The Turkish lira continues to weaken as President Erdogan pushes for lower interest rates. In a speech today, he said “I will continue fighting against interest as long as I continue serving.” While this is nothing new, the timing couldn’t be any worse, ahead of a policy meeting even as USD/TRY was already at record highs. Will the Turkish central bank cut rates at tomorrow’s meeting if the currency is still falling out of bed? Orthodoxy says no but Turkey’s monetary policy is anything but orthodox. Bloomberg median consensus sees a 100 bp cut to 15%, but expectations are all over the place. Of the 24 analysts polled by Bloomberg, 1 sees a 150 bp cut, 18 see 100 bp, 3 see 50 bp, and 2 see no cut. It's delivered two dovish surprises in a row and while we thought it would be hard-pressed to do so again now, Erdogan’s comments argue for a potential third one.

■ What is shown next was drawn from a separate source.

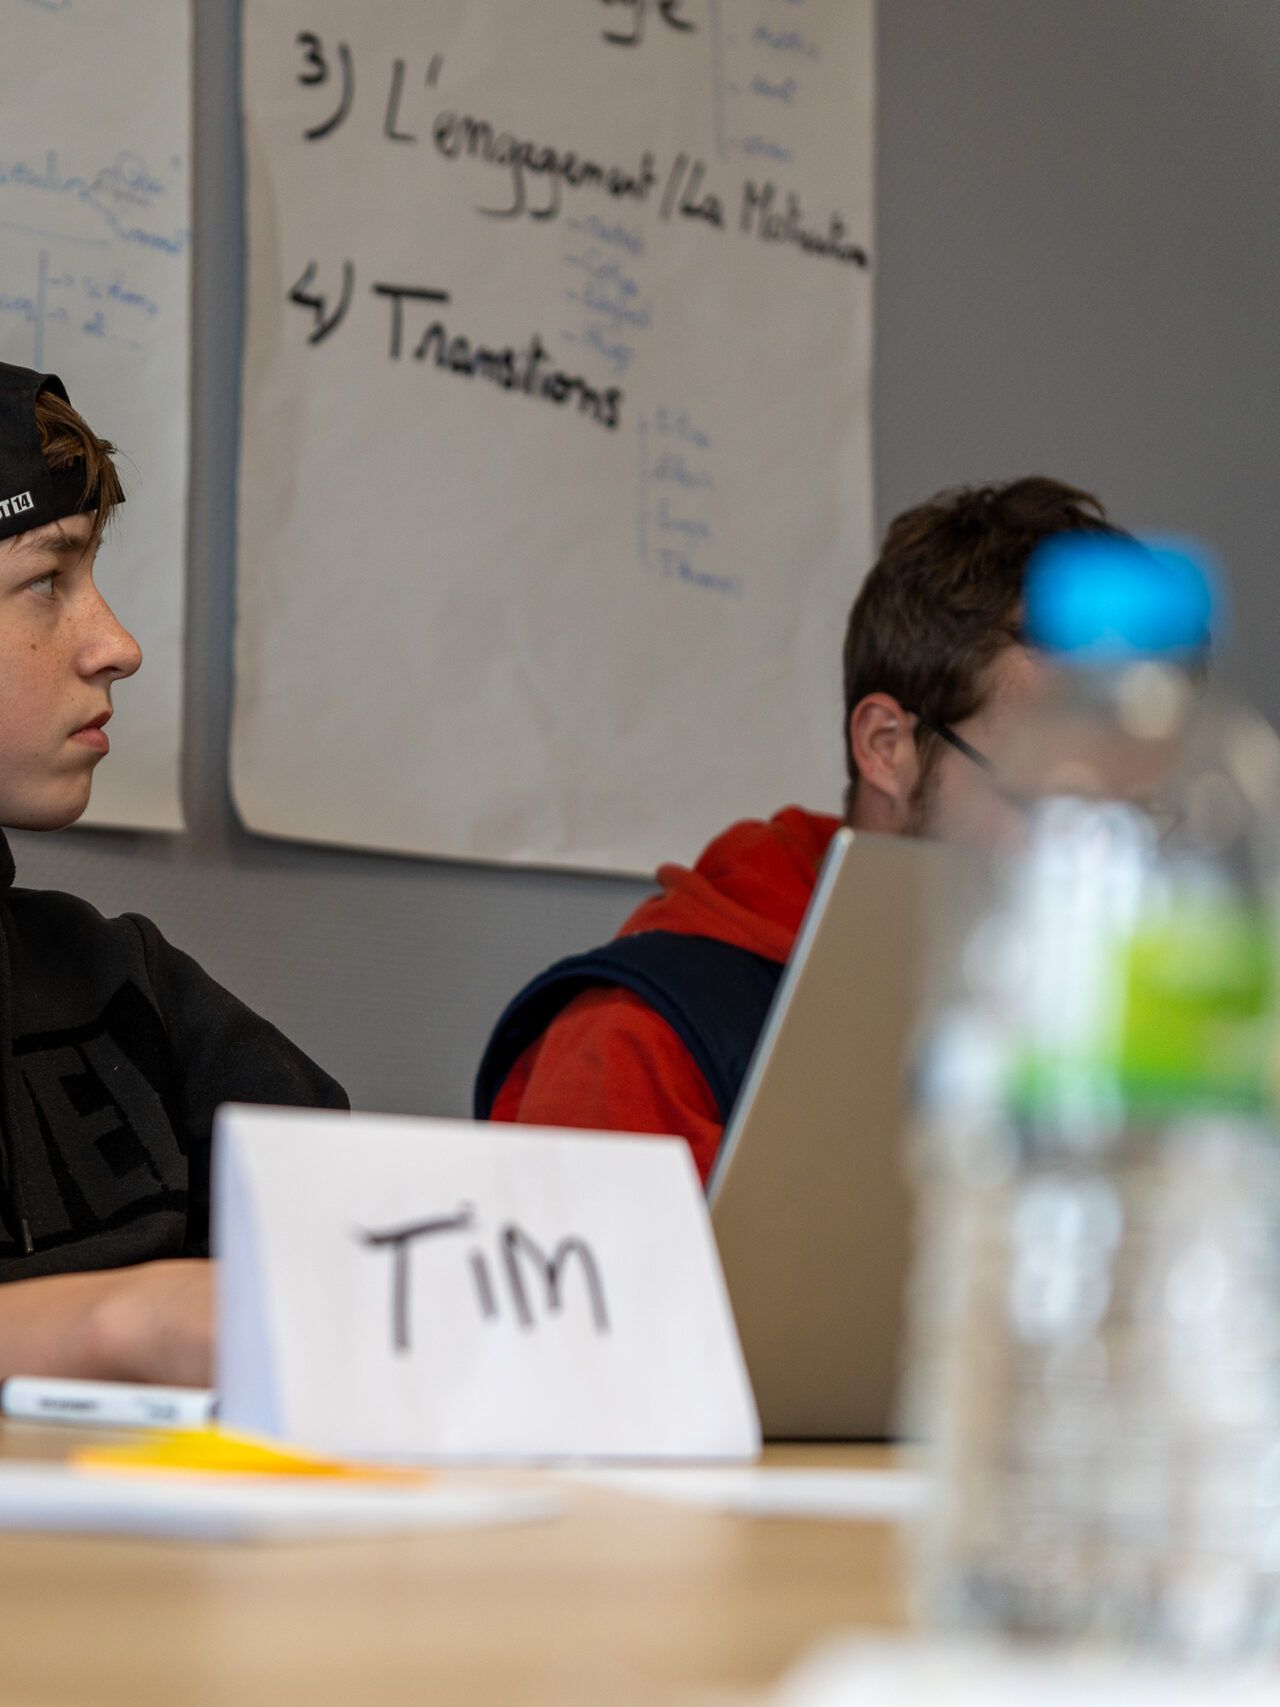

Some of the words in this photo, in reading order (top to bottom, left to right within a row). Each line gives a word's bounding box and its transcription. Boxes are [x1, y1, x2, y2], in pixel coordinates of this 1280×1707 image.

Japan reported soft October trade and September core machine orders data. Exports rose 9.4% y/y vs. 10.3% expected and 13.0% in September, while imports rose 26.7% y/y vs. 31.8% expected and 38.2% in September. Auto exports continued to slump from supply chain issues, falling by more than a third. Exports to the U.S> rose a meager 0.4% y/y, while those to China rose Orders were expected to rise 1.7% m/m but instead came in flat vs. -2.4% in August, pushing the y/y rate down to 12.5% from 17.0% in August. The data suggest that after contracting in Q3, the economy continues to lost some momentum as we move into Q4. That is what makes the upcoming fiscal package all the mor important.
Crypto assets continue to correct with Bitcoin dipping back below the $60K level. There are a few drivers in play here including the stronger dollar, subsiding excitement about the Bitcoin futures ETF, and the usual leverage trading liquidations. However, the latest leg of this this sell-off seems to be driven largely by regulatory concerns, especially surrounding Decentralized Finance (DeFi), and the risk of imminent action by the SEC in this space. Another related thread is the risk that U.S. institutions might face regulatory pushback from holding Ethereum-based products such as Grayscale’s Ethereum Trust (ETHE) due to its role in DeFi.